I have a fundamental question about "Bayes Factors". Specifically, I understand if we want to compute the posterior probability of a hypothesis (e.g., $p(H_1 |Data)$, we need a prior probability (i.e., $p(H_1)$) for the hypothesis in question as per Bayes' rule.
BUT I'm wondering when computing only a "Bayes Factor" which is a factor by which we update our prior belief about the hypothesis, why we need a prior for the determination of $H_1$. In other words, when we do NOT want to compute any posterior probability, why we talk about a prior when computing a Bayes Factor?
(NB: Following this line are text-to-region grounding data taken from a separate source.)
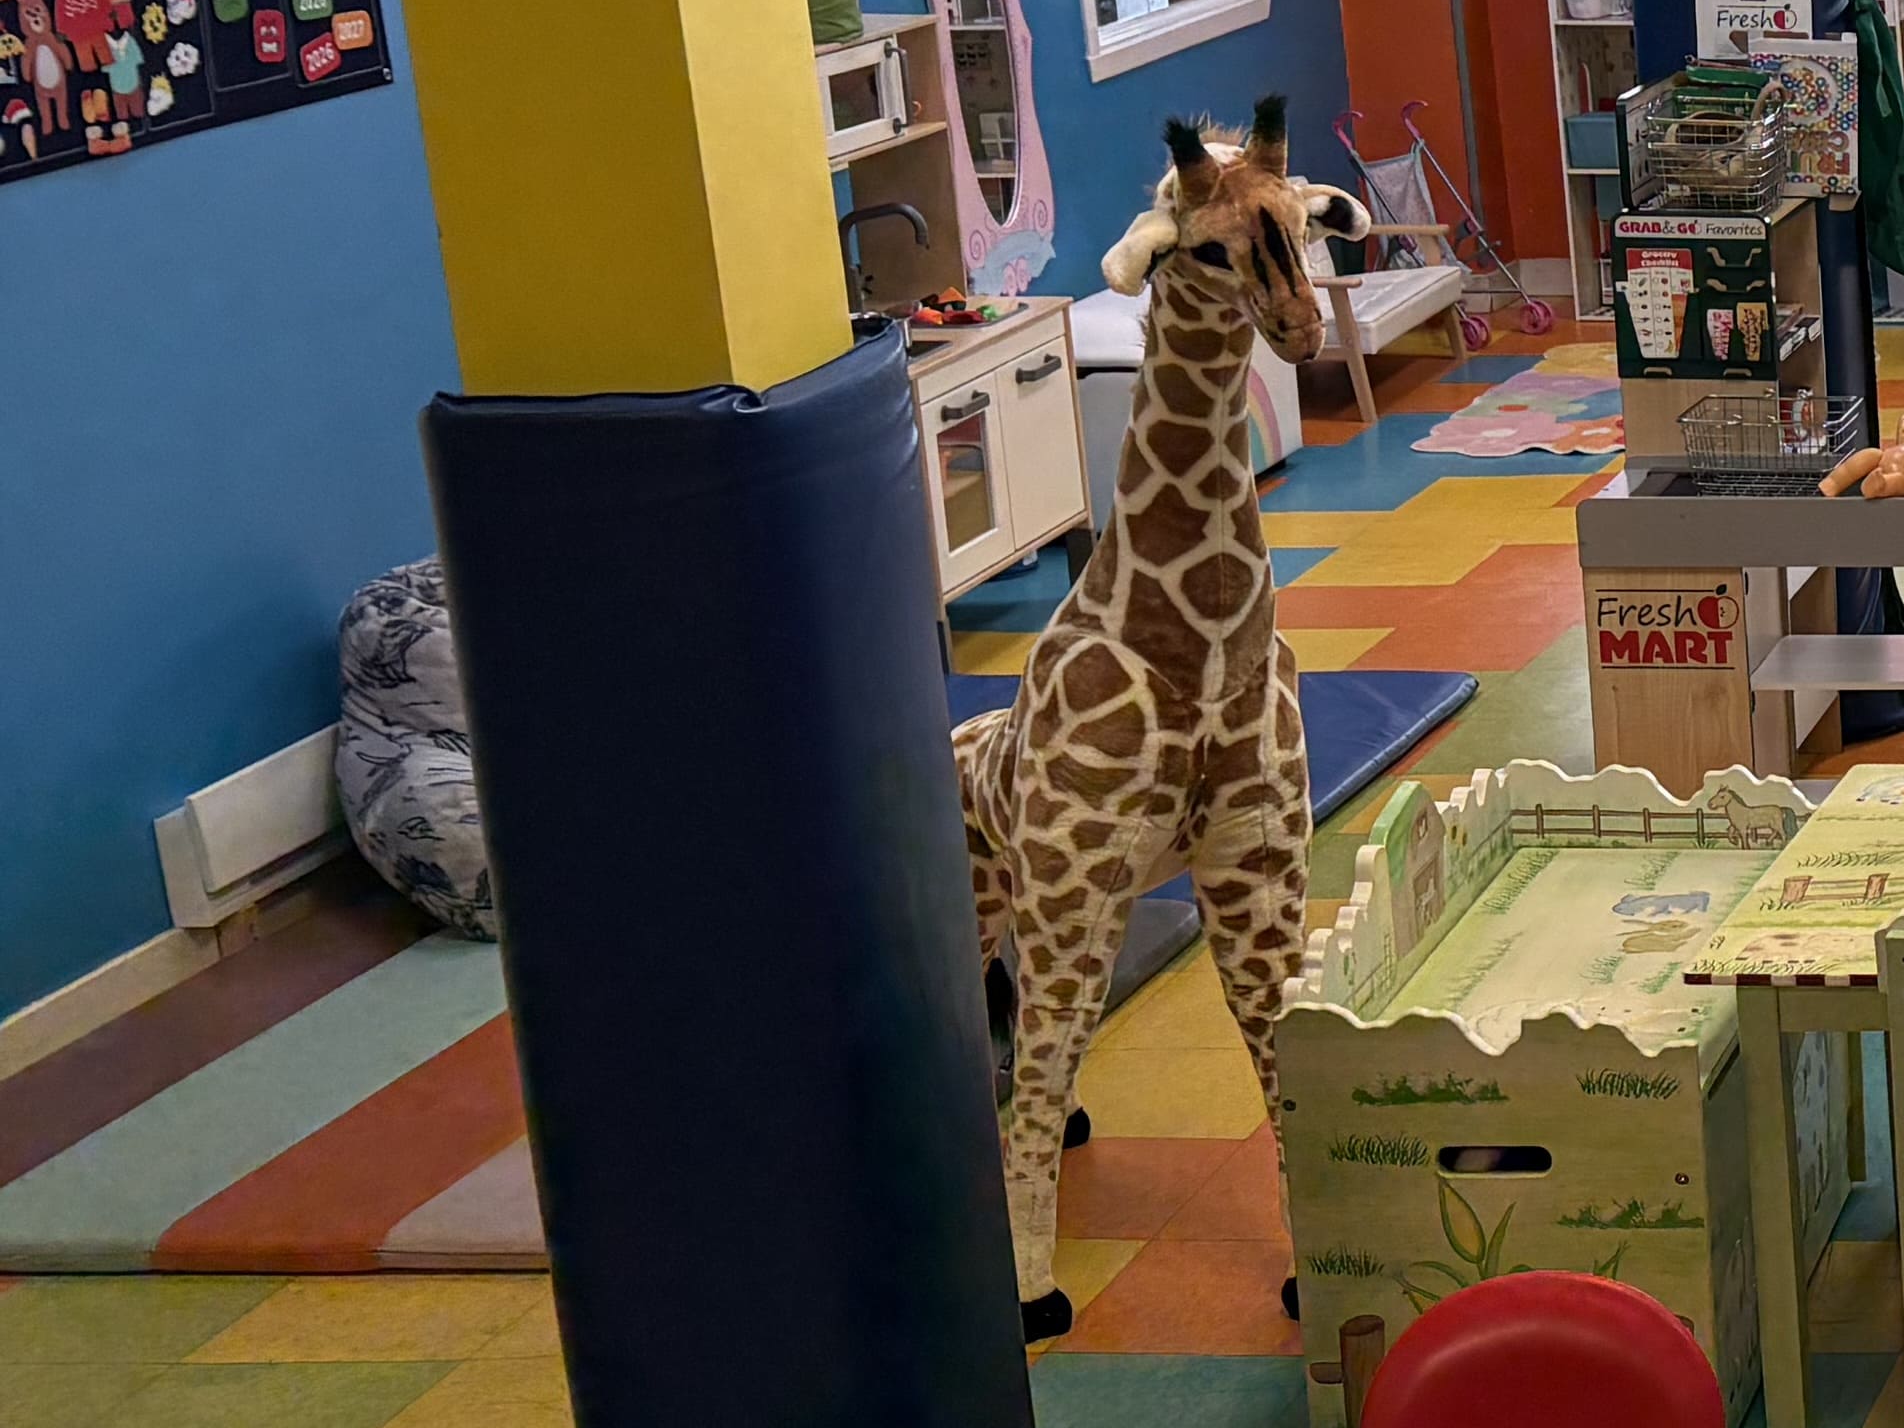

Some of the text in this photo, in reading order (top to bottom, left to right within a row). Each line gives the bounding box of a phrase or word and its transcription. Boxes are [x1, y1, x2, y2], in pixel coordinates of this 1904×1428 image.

[1716, 9, 1774, 29] Fresh
[1619, 220, 1662, 234] GRAB
[1705, 222, 1763, 236] Favorites
[1597, 595, 1698, 627] Fresh
[1600, 630, 1733, 664] MART
In fact, I even want to know what does the mathematical integration for the following 2 $H_1$s (one with a prior and the other without a prior) that I have used below (R code) exactly do?:
(For simplicity's sake, below, I compute a Bayes Factor for a binomial experiment that has resulted in 35 successes out of 100 trials.)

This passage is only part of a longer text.